Lecco. Sconto sugli affitti

«Ma servono aiuti»

Lecco. Sconto sugli affitti  «Ma servono aiuti»

Il decreto«Va bene il credito d’imposta del 60% però occorrono contributi a fondo perduto» - Qualche proprietario è passato già alle vie legali

Un credito d’imposta pari al 60% dell’affitto mensile. È questo quanto previsto dal nuovo decreto varato dal Governo per supportare i commercianti. Condizione necessaria per usufruirne, relativamente ai mesi di marzo, aprile e maggio, è che il fatturato sia diminuito di almeno il 50% e che l’attività non abbia ricavi superiori a 5 milioni di euro. Il credito può essere ceduto al locatore o a un istituto di credito e non può essere cumulabile con il credito previsto dal decreto Cura Italia.

Un provvedimento sicuramente atteso anche dai commercianti lecchesi, come spiega Raffaella Beri, fiorista di via Carlo Cattaneo a Lecco: «Si tratta di un provvedimento importantissimo che stavamo aspettando. Abbiamo pagato regolarmente gli affitti in questi due mesi e ora questa misura ci può dare un po’ di respiro visto gli importi alti che si pagano in centro Lecco.
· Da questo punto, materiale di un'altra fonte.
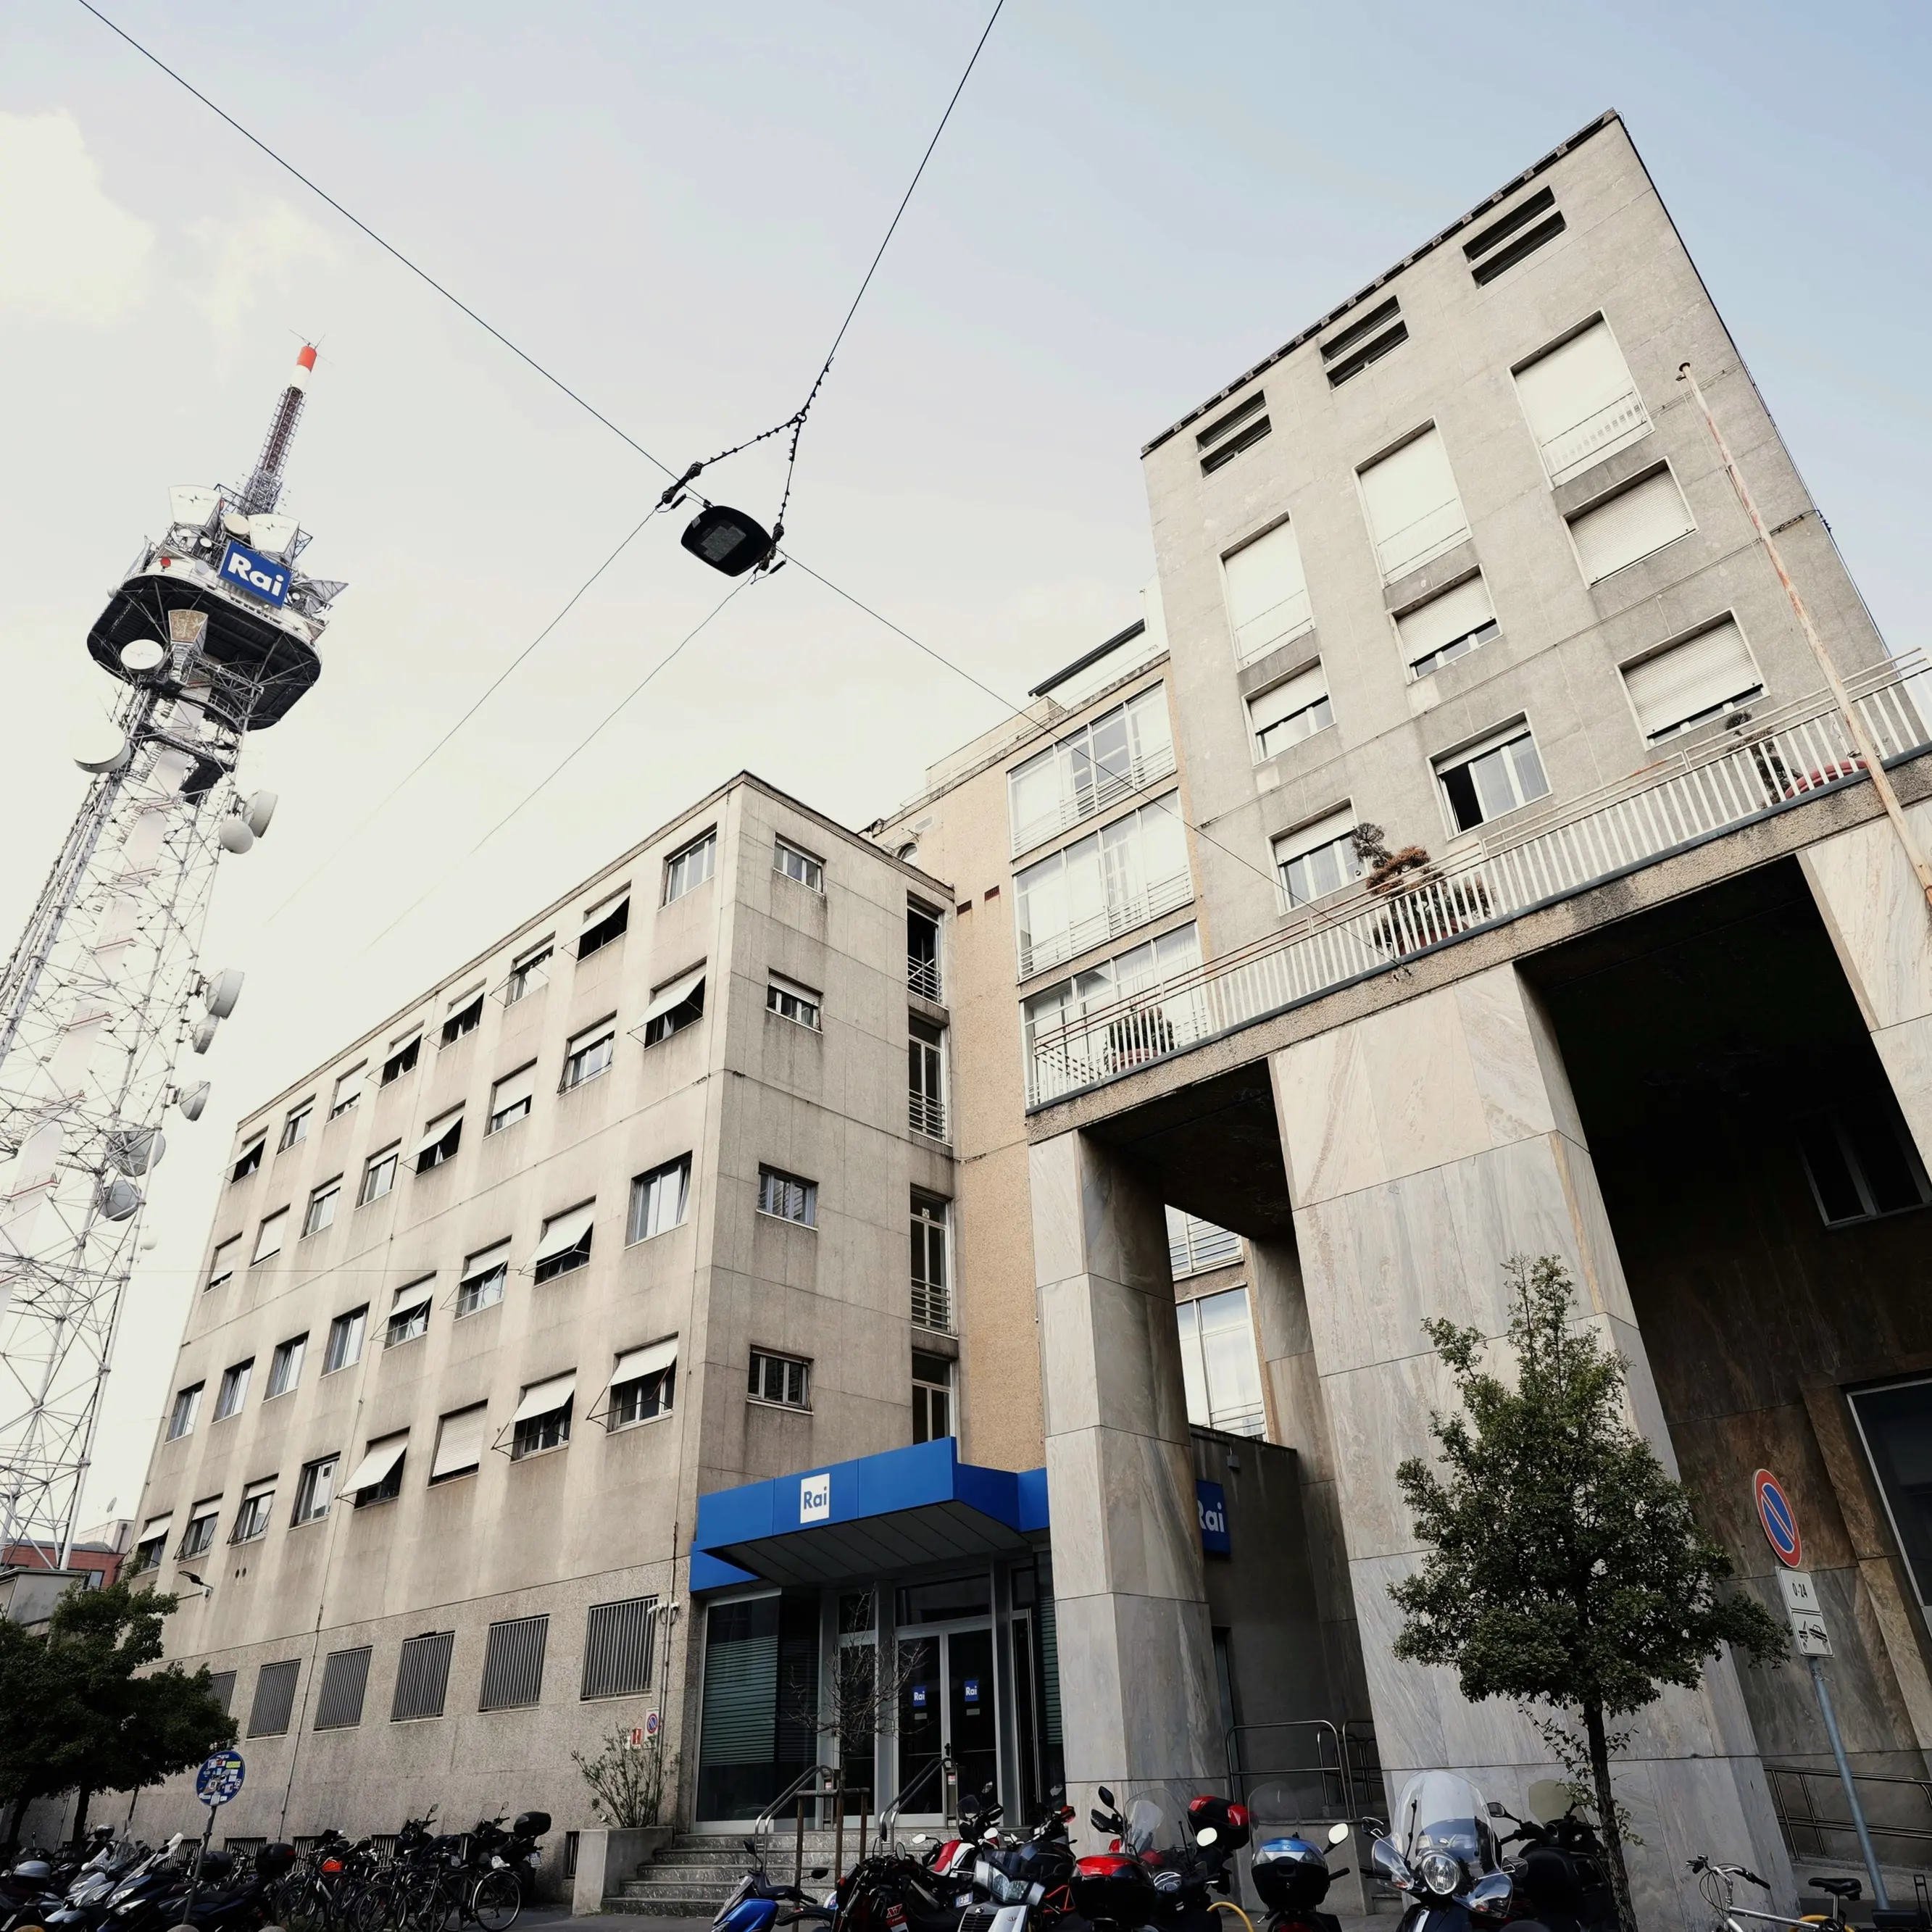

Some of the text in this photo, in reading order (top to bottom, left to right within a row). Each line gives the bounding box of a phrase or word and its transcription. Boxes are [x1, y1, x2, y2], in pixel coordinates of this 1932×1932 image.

[228, 552, 283, 596] Rai
[804, 1486, 827, 1510] Rai
[914, 1691, 925, 1701] Rai
[965, 1686, 977, 1696] Rai
Il meccanismo del credito d’imposta ritengo possa funzionare, anche perché non si può pensare che il padrone di casa faccia diversamente da chiedere l’affitto». Per Raffaella Beri sarebbe importante che arrivasse un aiuto anche dal Comune: «Sarebbe molto utile una sospensione della tassa rifiuti che per un negozio come il mio pesa 1300 euro l’anno, soldi che si potrebbero usare per spese più urgenti».

Provvedimento considerato importante anche da Alberto Negrini, titolare di un negozio di pelletteria in via Cavour: «Va a intervenire su una spesa fissa per noi commercianti, ma che non era derogabile essendo un diritto privato del padrone dell’immobile. Gli affitti sono una delle voci che conta di più insieme a quelle del personale, su una percentuale di costi equivalenti. Per i dipendenti hanno disposto l’agevolazione della cassa integrazione in deroga, che però non è ancora arrivata, lasciando scoperti da due mesi i lavoratori. Mancava un provvedimento sulle locazioni, che intervenisse sulla detrazione dei costi nel periodo in cui siamo stati chiusi. Ci sarà da capire in che modo funzionerà».
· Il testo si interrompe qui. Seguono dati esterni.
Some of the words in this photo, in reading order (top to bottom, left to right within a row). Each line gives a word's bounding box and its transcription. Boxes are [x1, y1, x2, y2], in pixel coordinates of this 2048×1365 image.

Per Negrini è però fondamentale che arrivi anche un contributo a fondo perduto: «Abbiamo dovuto continuare a pagare le bollette e altri adempimenti e non c’è stato nessun provvedimento che li bloccasse. Ora serve liquidità immediata che non sia nuovo debito. Vogliamo capire cosa c’è di questo genere nella manovra, visto che ci hanno detto che sono stati messi alcuni miliardi. Servirebbe una copertura pari al 50% del mancato fatturato».

Di diverso avviso Alberto Bianchi, del negozio di abbigliamento Capo Horn all’Isolago di Lecco: «Si tratta di un provvedimento che non riesco a capire. Ci vengono dati dei soldi vincolati al pagamento dell’affitto e ci vengono date risorse sotto forma di credito di importa. Le cifre che girano per i piccoli negozianti sono circa 5000 euro a fronte di una perdita di fatturato di 100mila euro, almeno nel mio caso. Il vantaggio va ai proprietari degli immobili, che solitamente, almeno qui in centro Lecco, non ne hanno bisogno. Invece nessun aiuto concreto arriva per noi commercianti che abbiamo dovuto chiudere per una decisione dello Stato».
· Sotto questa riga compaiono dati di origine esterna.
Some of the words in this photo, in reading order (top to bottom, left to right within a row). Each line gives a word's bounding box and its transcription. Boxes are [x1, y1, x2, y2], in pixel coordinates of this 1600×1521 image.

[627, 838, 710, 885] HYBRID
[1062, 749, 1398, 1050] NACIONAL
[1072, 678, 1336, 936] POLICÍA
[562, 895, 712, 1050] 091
Per Bianchi era un’altra la strada da seguire: «Sarebbe stato più giusto dare i soldi a noi, da usare liberamente, permettendoci di pagare solamente il 20 o 30 per cento dell’affitto, girando il credito di imposta ai proprietari che lo avrebbero recuperato nel giro di pochi mesi. Diversi commercianti so che sono intenzionati a non pagare l’affitto, perché non è in cima alla lista delle priorità di spesa da sostenere ora. Nonostante noi si sia sempre pagato tutto regolarmente ogni mese, c’è già qualche padrone degli immobili pronto ad adire a vie legali».